Task brief - An exact copy of every record is required.
══════════════════════════════
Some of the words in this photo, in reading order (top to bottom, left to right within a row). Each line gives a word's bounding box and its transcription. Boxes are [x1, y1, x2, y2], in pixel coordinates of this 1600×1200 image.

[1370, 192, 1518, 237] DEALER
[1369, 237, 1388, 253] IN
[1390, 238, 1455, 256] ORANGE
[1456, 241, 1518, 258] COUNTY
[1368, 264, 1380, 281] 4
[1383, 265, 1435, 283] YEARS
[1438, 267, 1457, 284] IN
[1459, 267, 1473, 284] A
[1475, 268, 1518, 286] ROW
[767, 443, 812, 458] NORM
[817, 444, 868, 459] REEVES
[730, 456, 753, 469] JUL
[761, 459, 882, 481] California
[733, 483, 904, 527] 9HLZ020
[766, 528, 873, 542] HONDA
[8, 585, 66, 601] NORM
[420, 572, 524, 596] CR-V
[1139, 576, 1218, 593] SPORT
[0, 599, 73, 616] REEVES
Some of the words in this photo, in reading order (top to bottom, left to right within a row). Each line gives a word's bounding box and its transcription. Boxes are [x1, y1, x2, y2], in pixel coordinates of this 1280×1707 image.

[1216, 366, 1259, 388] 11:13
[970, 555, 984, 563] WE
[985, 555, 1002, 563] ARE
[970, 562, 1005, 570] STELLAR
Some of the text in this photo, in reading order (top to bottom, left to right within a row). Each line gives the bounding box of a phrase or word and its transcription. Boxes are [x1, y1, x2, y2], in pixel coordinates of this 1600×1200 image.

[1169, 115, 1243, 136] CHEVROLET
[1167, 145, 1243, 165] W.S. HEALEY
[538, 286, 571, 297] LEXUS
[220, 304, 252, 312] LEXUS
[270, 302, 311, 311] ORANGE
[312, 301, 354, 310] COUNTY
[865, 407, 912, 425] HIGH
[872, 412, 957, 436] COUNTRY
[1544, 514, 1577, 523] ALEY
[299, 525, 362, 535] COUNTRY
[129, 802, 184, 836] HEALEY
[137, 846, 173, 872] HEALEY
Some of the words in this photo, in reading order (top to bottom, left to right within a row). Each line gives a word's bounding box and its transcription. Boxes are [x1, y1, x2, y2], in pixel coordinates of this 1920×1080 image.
══════════════════════════════
Result for this task -
Some of the words in this photo, in reading order (top to bottom, left to right within a row). Each line gives a word's bounding box and its transcription. Boxes are [x1, y1, x2, y2], in pixel coordinates of this 1600×1200 image.

[1370, 192, 1518, 237] DEALER
[1369, 237, 1388, 253] IN
[1390, 238, 1455, 256] ORANGE
[1456, 241, 1518, 258] COUNTY
[1368, 264, 1380, 281] 4
[1383, 265, 1435, 283] YEARS
[1438, 267, 1457, 284] IN
[1459, 267, 1473, 284] A
[1475, 268, 1518, 286] ROW
[767, 443, 812, 458] NORM
[817, 444, 868, 459] REEVES
[730, 456, 753, 469] JUL
[761, 459, 882, 481] California
[733, 483, 904, 527] 9HLZ020
[766, 528, 873, 542] HONDA
[8, 585, 66, 601] NORM
[420, 572, 524, 596] CR-V
[1139, 576, 1218, 593] SPORT
[0, 599, 73, 616] REEVES
Some of the words in this photo, in reading order (top to bottom, left to right within a row). Each line gives a word's bounding box and its transcription. Boxes are [x1, y1, x2, y2], in pixel coordinates of this 1280×1707 image.

[1216, 366, 1259, 388] 11:13
[970, 555, 984, 563] WE
[985, 555, 1002, 563] ARE
[970, 562, 1005, 570] STELLAR
Some of the text in this photo, in reading order (top to bottom, left to right within a row). Each line gives the bounding box of a phrase or word and its transcription. Boxes are [x1, y1, x2, y2], in pixel coordinates of this 1600×1200 image.

[1169, 115, 1243, 136] CHEVROLET
[1167, 145, 1243, 165] W.S. HEALEY
[538, 286, 571, 297] LEXUS
[220, 304, 252, 312] LEXUS
[270, 302, 311, 311] ORANGE
[312, 301, 354, 310] COUNTY
[865, 407, 912, 425] HIGH
[872, 412, 957, 436] COUNTRY
[1544, 514, 1577, 523] ALEY
[299, 525, 362, 535] COUNTRY
[129, 802, 184, 836] HEALEY
[137, 846, 173, 872] HEALEY
Some of the words in this photo, in reading order (top to bottom, left to right within a row). Each line gives a word's bounding box and its transcription. Boxes are [x1, y1, x2, y2], in pixel coordinates of this 1920×1080 image.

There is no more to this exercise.